Oil of Olay is one of those classic, international skincare brands that seems to have been around forever and has always had a high level of consumer awareness.
It has been the best-selling brand in its category since the mid-1970s, so its recent repositioning, repackaging and relaunching were carried out from a position of strength.
Developed during the Second World War by a chemist in South Africa as a topical treatment for burns on Britain’s RAF pilots, the Olay ‘beauty lotion’ was introduced to Canada in 1965. By 1970, when the brand was bought by U.S.-based Richardson Vicks, it had already captured 8% of the face cream and lotion market in Canada.
Susan Conn, Olay brand manager at Procter & Gamble, which bought the brand in 1985, says it continued to strengthen its position in the 1970s, building a loyal consumer following. Customer loyalty was due to two key factors: product quality and strength of advertising support.
Consumer research showed that, although users of the brand were thrilled with its performance, non-users perceived Oil of Olay to be a functional, non-glamorous product for ‘older’ women.
‘A huge potential
segment for us
with sensitive skin.’
As well, advertising campaigns of the 1970s had focused to a considerable degree on ‘male appreciation.’ As women’s attitudes to beauty changed over the ensuing decade, P&G management sought to reposition the brand to encourage trial among younger women, who saw skincare as desirable for a sense of well-being and self-esteem and not simply as a means of attracting men.
P&G was confident that once the younger consumer had tried the product, it would win her over.

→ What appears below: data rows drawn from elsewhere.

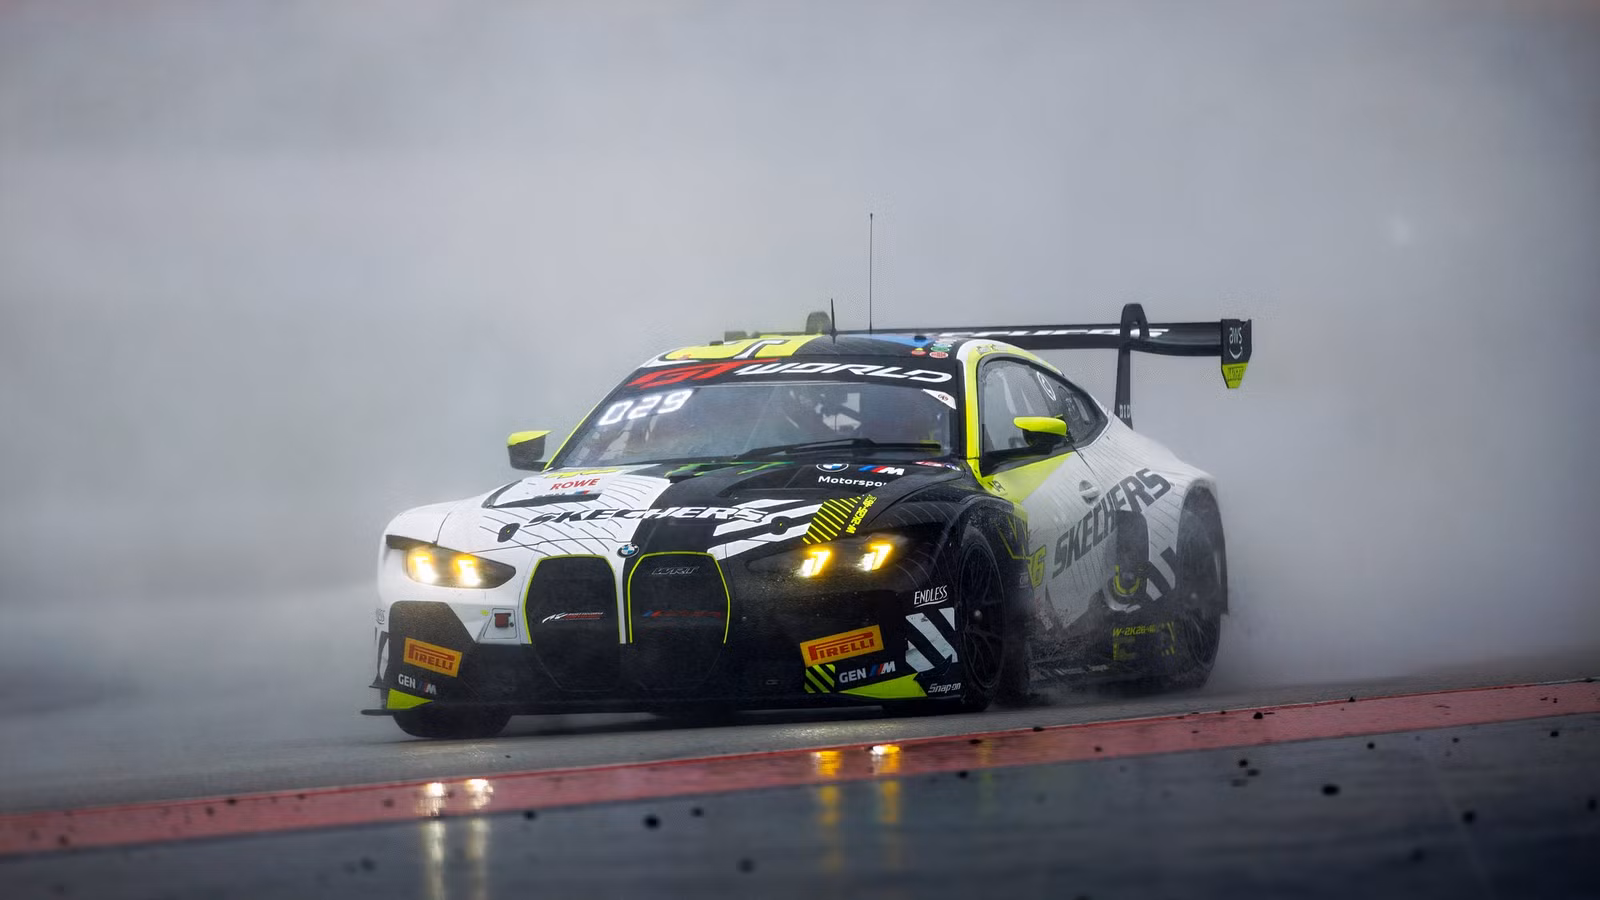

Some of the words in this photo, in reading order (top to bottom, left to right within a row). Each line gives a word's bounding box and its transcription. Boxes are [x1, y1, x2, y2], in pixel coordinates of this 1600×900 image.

[1229, 327, 1243, 344] aws
[625, 358, 780, 389] GT
[734, 362, 953, 383] WORLD
[598, 388, 695, 426] 029
[550, 478, 601, 490] ROWE
[524, 506, 769, 528] SKECHERS
[1052, 467, 1172, 579] SKECHERS
[913, 584, 949, 606] ENDLESS
[408, 642, 456, 671] PIRELLI
[808, 631, 875, 662] PIRELLI
[398, 673, 416, 689] GEN
[839, 667, 867, 684] GEN
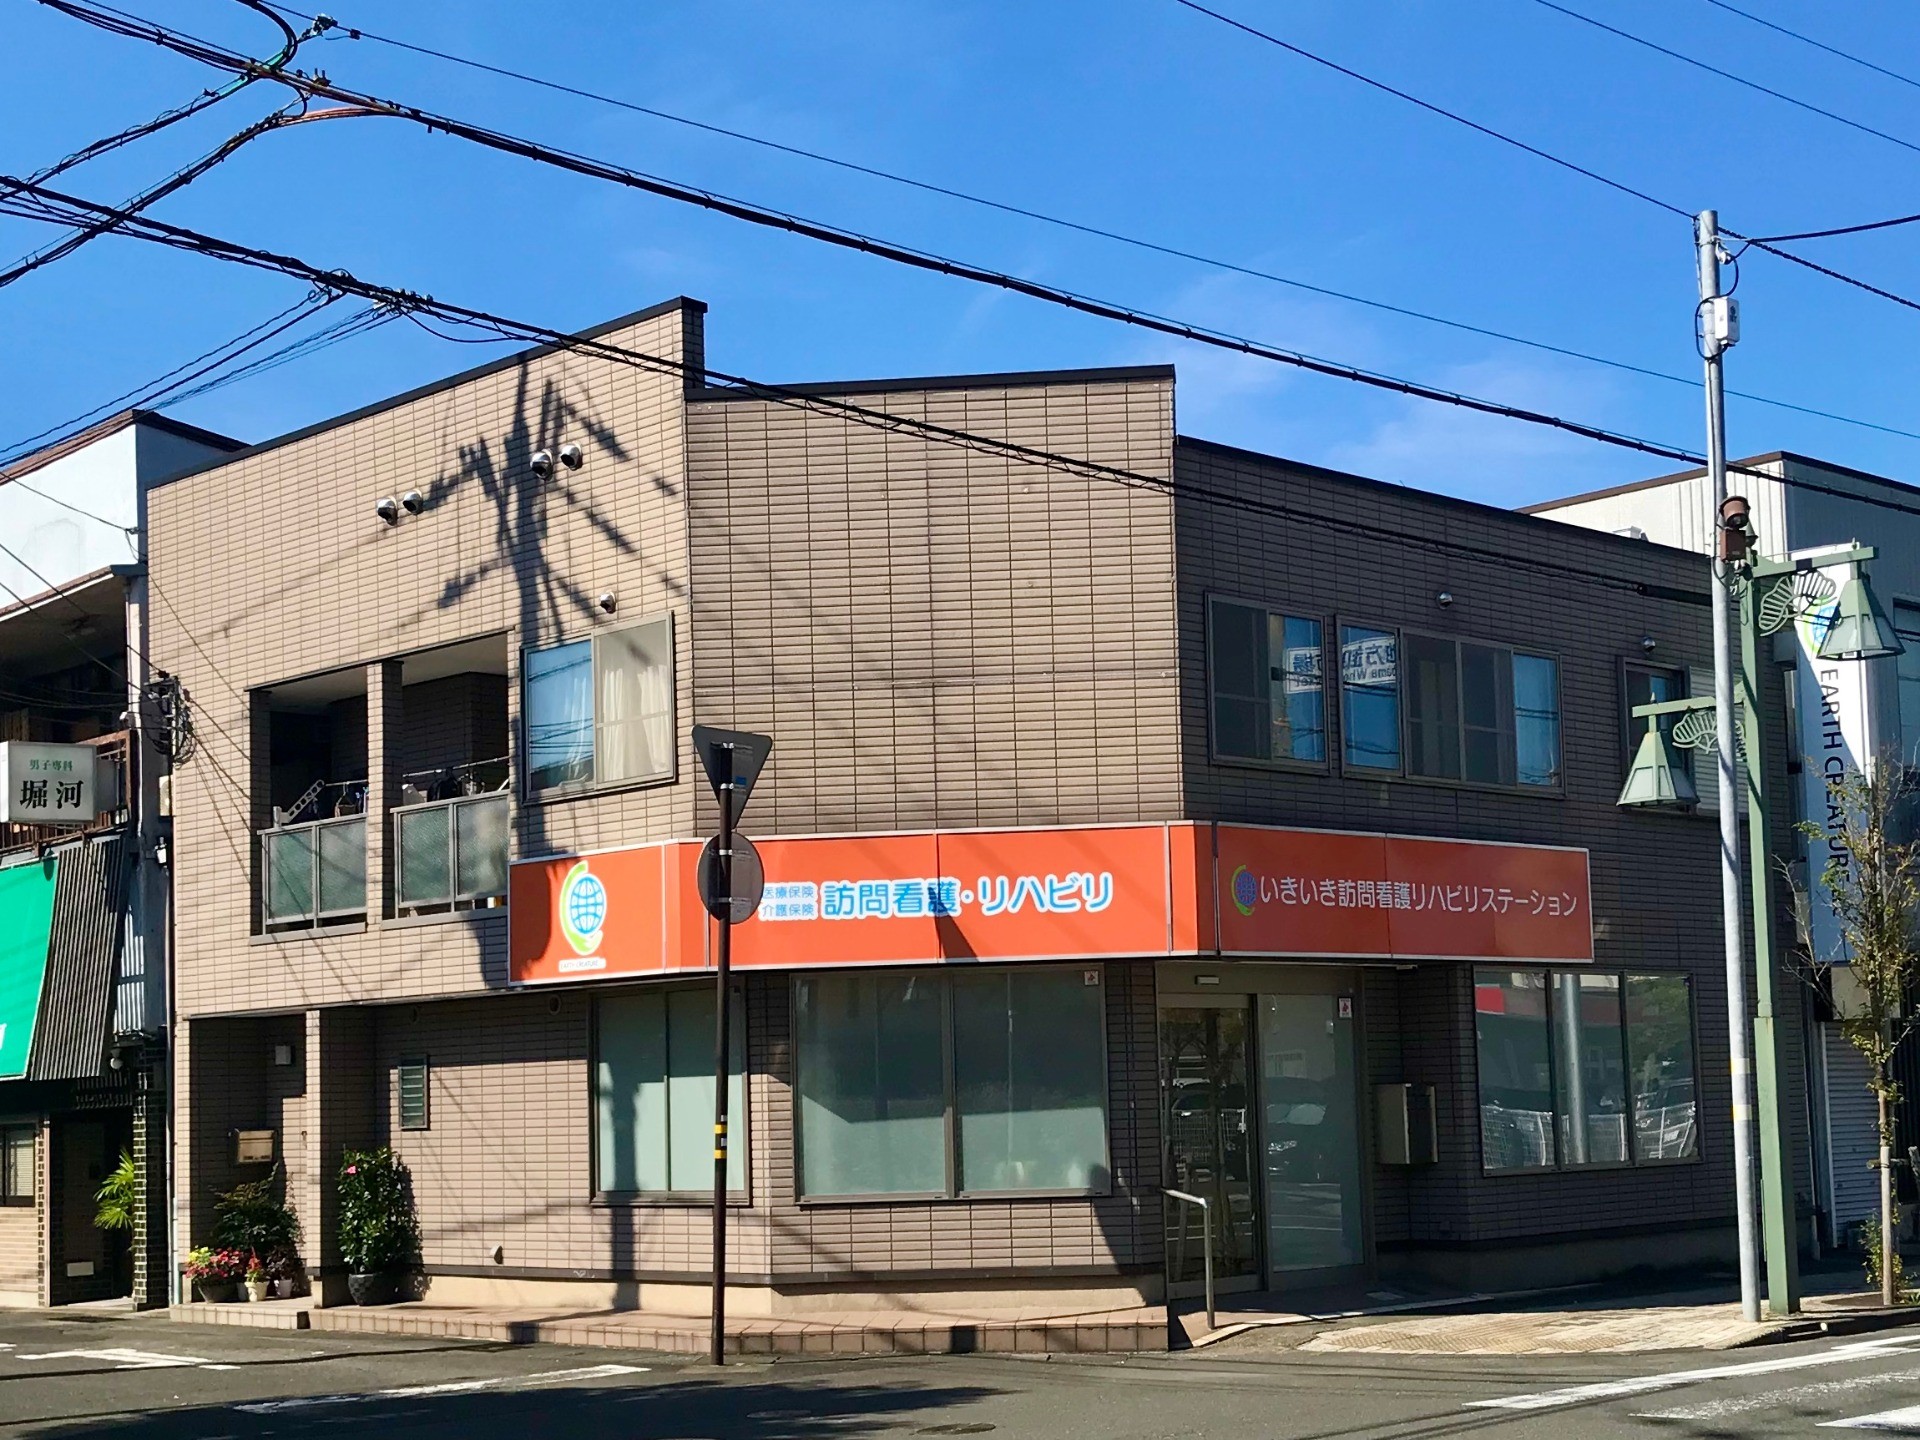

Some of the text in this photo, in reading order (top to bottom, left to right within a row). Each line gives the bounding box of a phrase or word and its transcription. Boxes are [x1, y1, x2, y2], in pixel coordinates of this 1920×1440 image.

[1819, 668, 1843, 750] EARTH
[19, 779, 84, 810] 堀河
[762, 903, 815, 917] 介護保険
[823, 874, 1110, 916] 訪問看護・リハビリ
[1260, 874, 1578, 917] いきいき訪問看護リハビリステーション
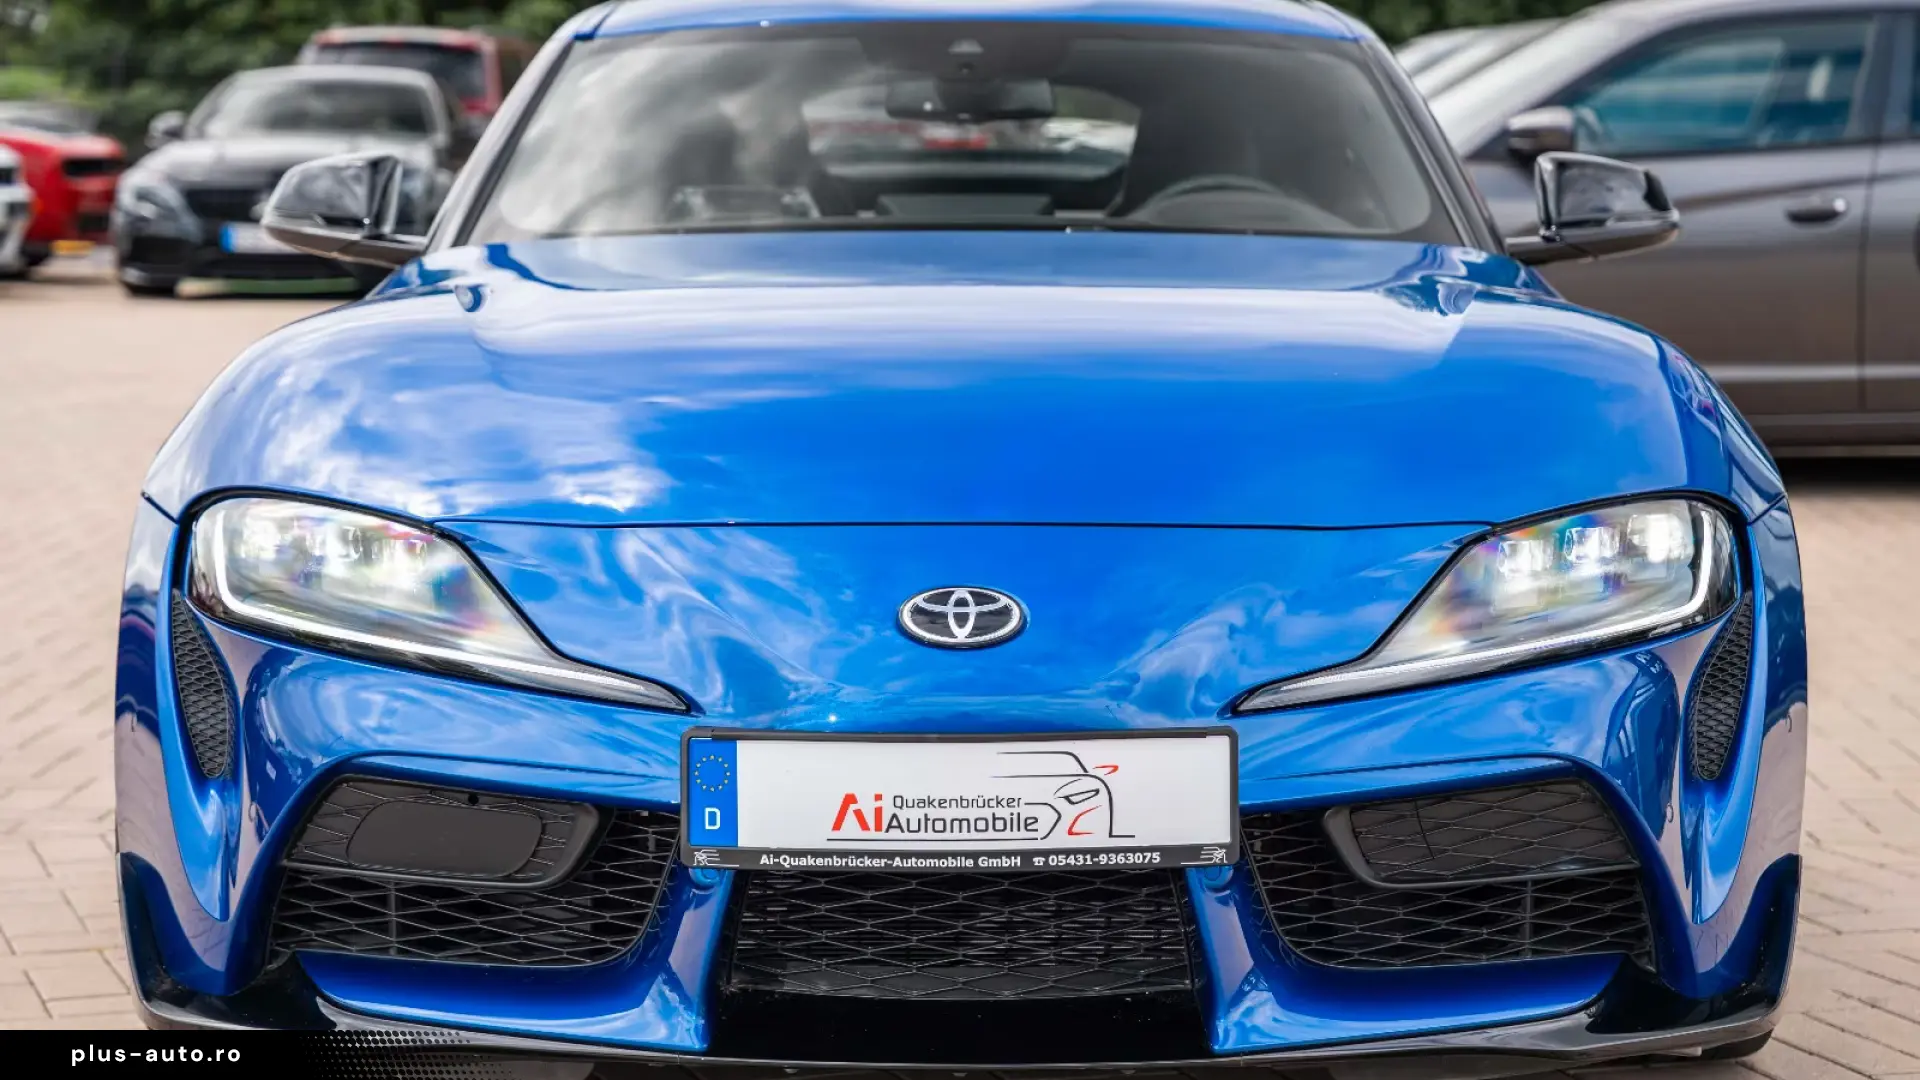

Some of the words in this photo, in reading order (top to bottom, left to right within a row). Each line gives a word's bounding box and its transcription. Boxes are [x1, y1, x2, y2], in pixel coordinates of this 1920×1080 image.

[831, 792, 883, 832] Ai
[893, 795, 1022, 810] Quakenbrücker
[704, 807, 721, 830] D
[884, 812, 1039, 834] Automobile
[759, 854, 974, 869] Ai-Quakenbrücker-Automobile
[978, 855, 1022, 868] GmbH
[1048, 852, 1161, 867] 05431-9363075

Conn says the current advertising campaign, through Miller Myers Bruce DallaCosta, Toronto – ‘How do you stay looking young? You start early and fight like hell’ – projects a younger, more contemporary image which appeals to today’s consumer ‘who is very much her own woman’.
The entire line of eight SKUs – which includes a cleansing bar, moisturizing lotion and moisturizing crème – was repackaged in 1988 by Toronto design firm Michael Peters Group to project a more contemporary image, consistent with the advertising.
In-store demonstrations are now used extensively to encourage trial, as are high value GWP (Gift with Purchase) events, a promotional tool more commonly used by more expensive brands such as Marcelle and Revlon, sold in cosmetic sections. Oil of Olay is seen as occupying the middle ground between these traditionally upmarket rivals on the one hand and its more direct competitors in the toiletries section – Nivea, Noxzema and Pond’s – on the other.
The repositioning has been an enormous success for Oil of Olay and shows P&G’s willingness to ‘invest in the future to keep the brand a leader in an increasingly competitive market,’ says Conn.
A new line extension, Oil of Olay for Sensitive Skin, was launched this spring in recognition of the fact ‘a huge potential segment for us is non-users with sensitive skin.’
Conn says the success of the brand, which still retails in drugstores, mass-merchandisers and food outlets, ‘is proof you can get excellent skin care without having to pay exorbitant prices’.